ミュージアム建築の名手、谷口吉生・追悼文

 ミュージアム建築の名手として知られる谷口吉生が、87歳で亡くなった。

 ニューヨーク近代美術館(MoMA)は、20世紀のアート界を牽引したもっとも権威ある館だが、増改築のコンペで彼が選ばれたことは、その証左となるだろう。MoMAの仕事(2004年)では、それまでの同館の歴史を尊重しつつ、自らの手がけた新築部分は抑制された表現だった。展示室をめぐる際、完全に閉じず、あちこちに開口を設け、マンハッタンの都市風景や館内の吹き抜けなどが視界に入る場面を設けたことが特徴である。MoMAの学芸員が、彼の丸亀市猪熊弦一郎美術館(1991)を訪れたことがきっかけで、コンペに招待されたらしいが、豊田市美術館(1995)も含めて、いずれも美術館を散策する空間の楽しみが共通する。

 アーティストからの信頼も厚く、丸亀の美術館は猪熊が谷口を推薦しており、東山魁夷とのつきあいから、長野県の東山魁夷館(1990年)や香川県の東山魁夷せとうち館(2004年)を手がけることになった。また秋田県の土門拳記念館(1983)、国立博物館法隆寺宝物館(1999)、京都国立博物館平成知新館(2013)など、水面に建築の姿を映しだし、人工池と対話するデザインも魅力的である。そして東京都葛西臨海水族園(1989年)では、ガラスのドームを包む水面が東京湾の海とつながって見える効果をもたらした。

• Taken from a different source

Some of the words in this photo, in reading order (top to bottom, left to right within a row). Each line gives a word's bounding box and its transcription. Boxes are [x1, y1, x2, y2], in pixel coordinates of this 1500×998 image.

 谷口は1937年に生まれ、アメリカのハーバード大学では最新のモダニズム、東京大学の丹下健三研究室からは建築を単体としてみない、都市環境を意識するデザインを学んだ。広島市環境局中工場(2004年)は、市街地からの直線道路、すなわち都市軸がガラスのトンネルになって建物を貫通しており、スケール感の大きいデザインは丹下ゆずりだろう。また彼の父は、国立博物館東洋館や東宮御所を設計し、モダニズムと和風を融合させた谷口吉郎である。ベタな日本風の表現は一切ないが、どことなく日本らしさを感じさせる洗練されたモダニズムに到達したのは、父の方向性を継承したからだろう。なお、オークラ東京(2019年)では、父が設計した旧本館ロビーを一部復元し、親子の競作となった。また二人の名前を冠した谷口吉郎・吉生記念 金沢建築館(2019年)は、父の生家の敷地を市に寄贈してつくられた日本初の公立の建築ミュージアムであり、建築文化に大きな貢献をしている。

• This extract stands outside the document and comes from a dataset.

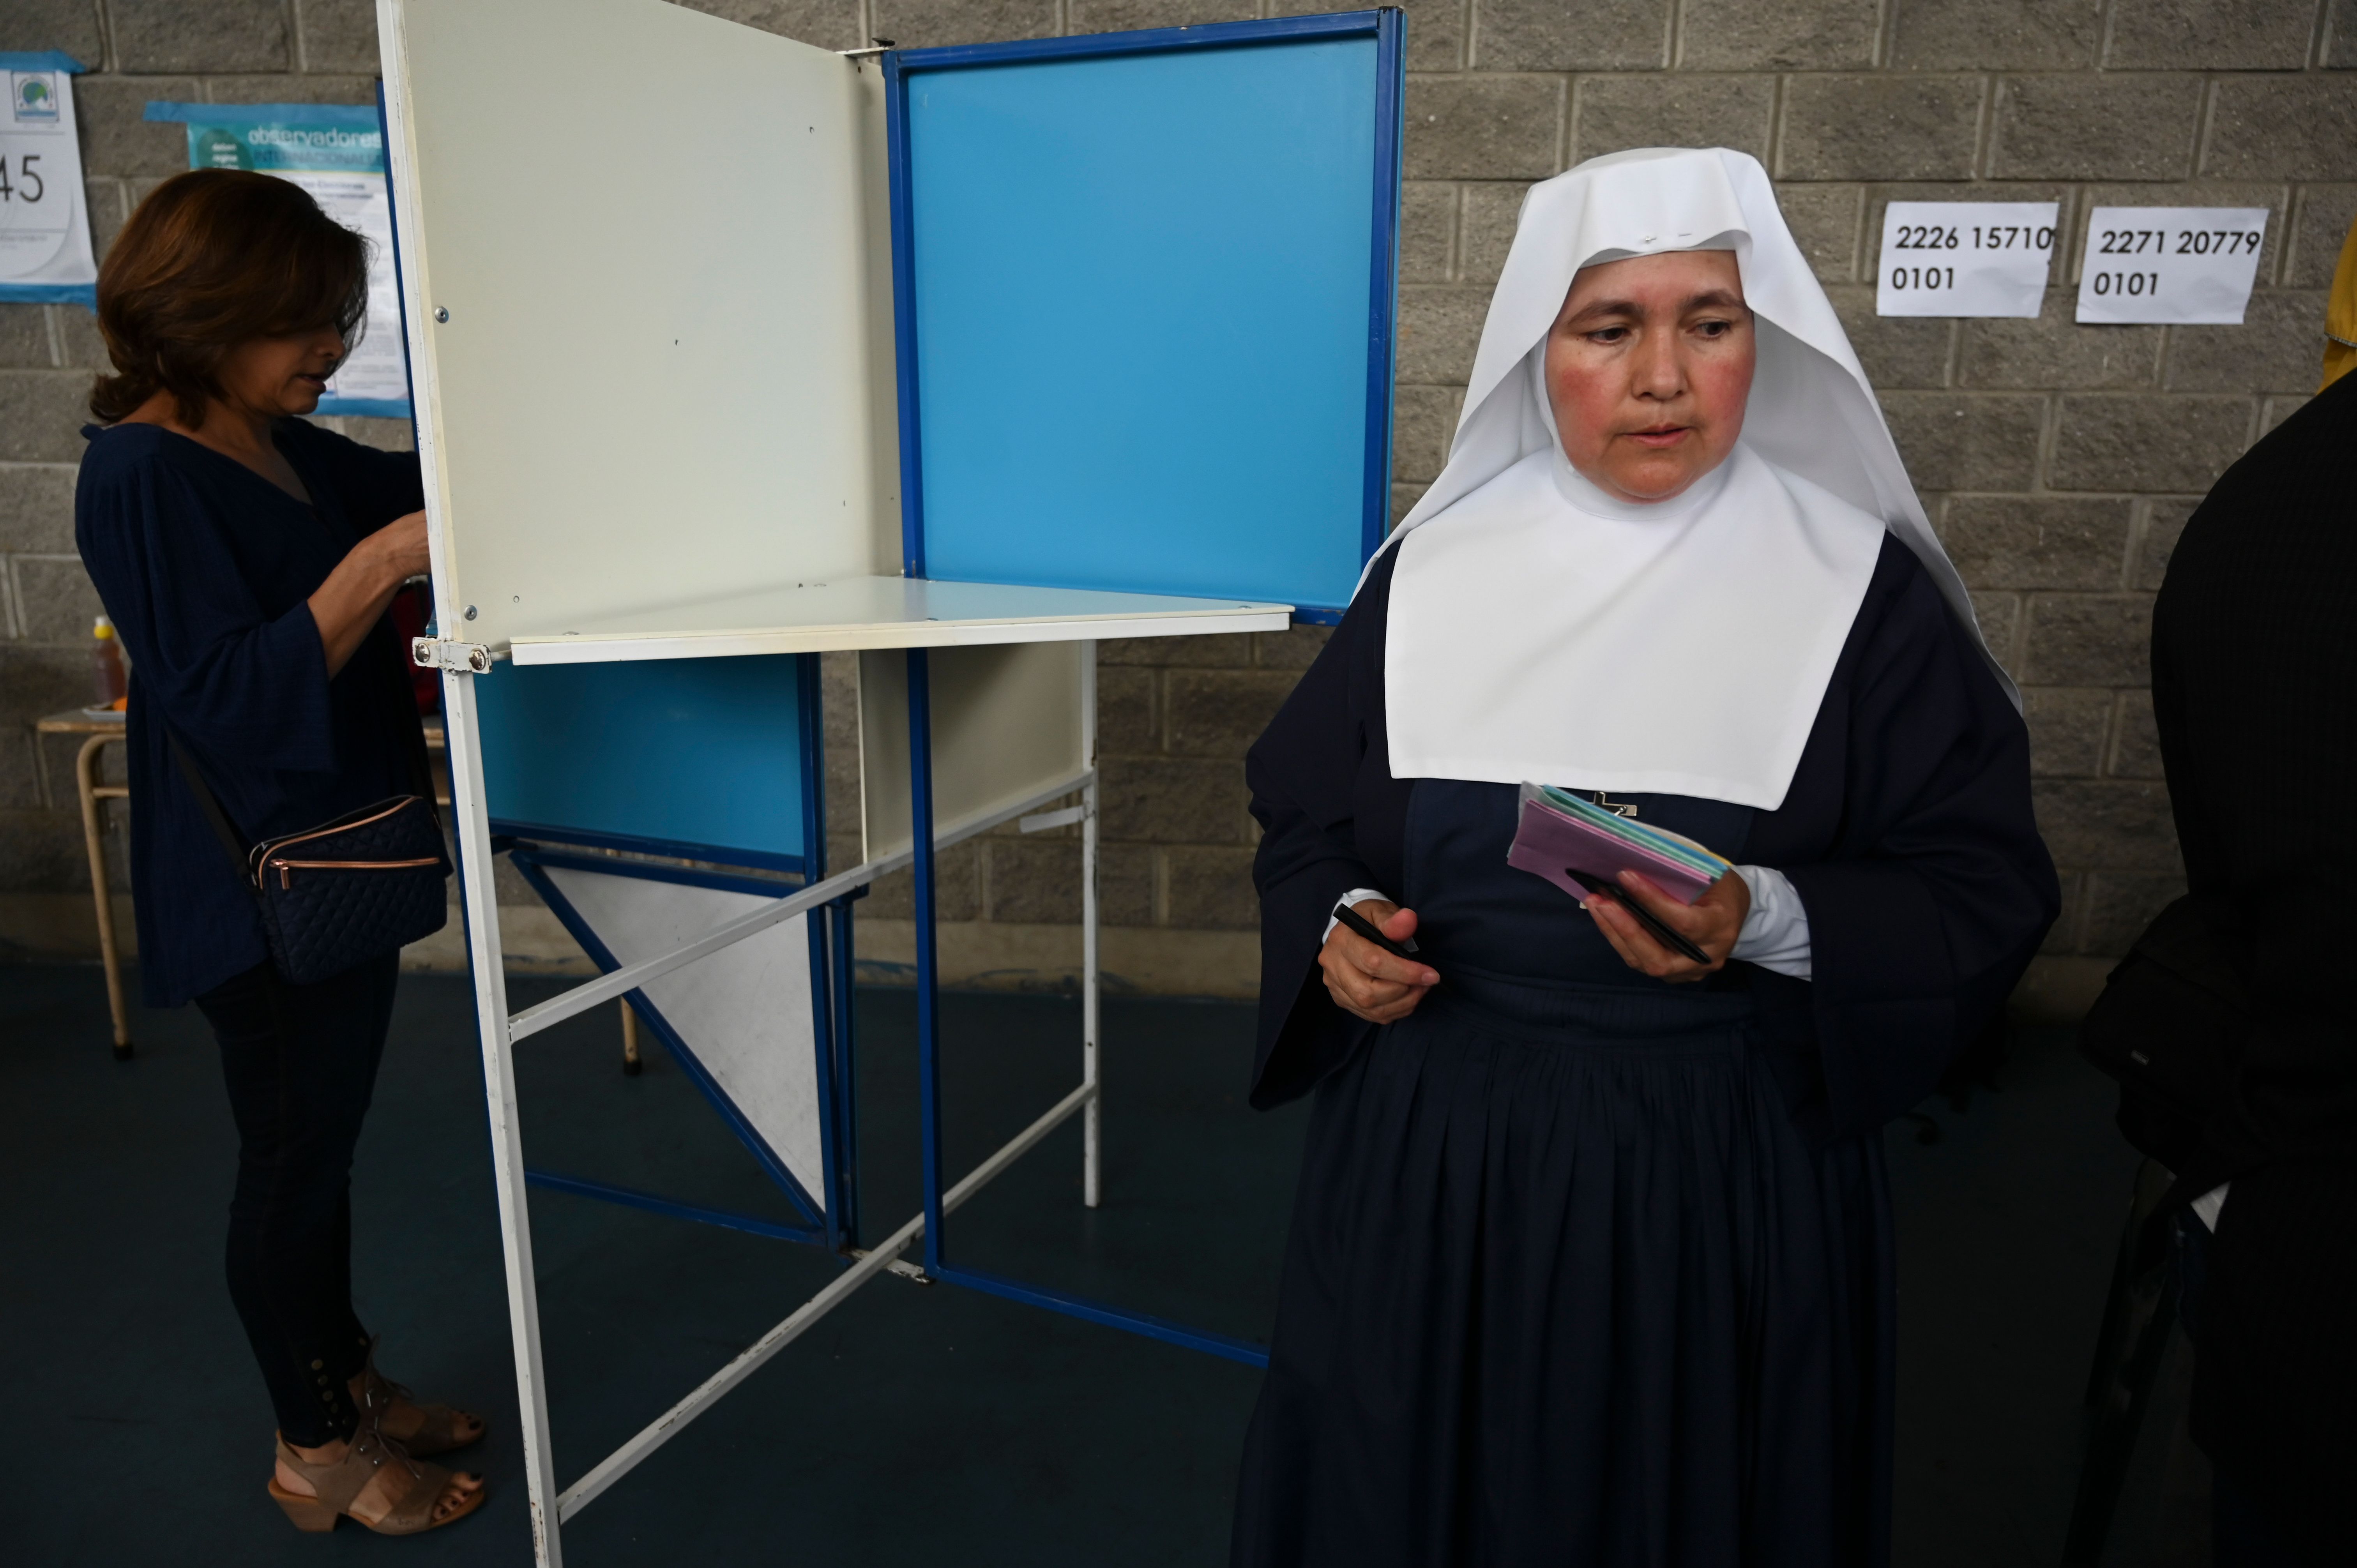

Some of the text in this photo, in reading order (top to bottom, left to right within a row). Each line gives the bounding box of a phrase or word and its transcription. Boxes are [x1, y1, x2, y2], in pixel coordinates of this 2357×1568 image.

 建築家には多くの本を出版するタイプもいるが、谷口は饒舌に語らない人物だった。作品集の解説もシンプルである。しかし、妥協を許さない細部の精巧なデザインなど、その作品は専門家をうならせる。建築そのものに語らせているのだ。ご冥福を祈りつつ、今後も彼の建築に耳を澄ませたい。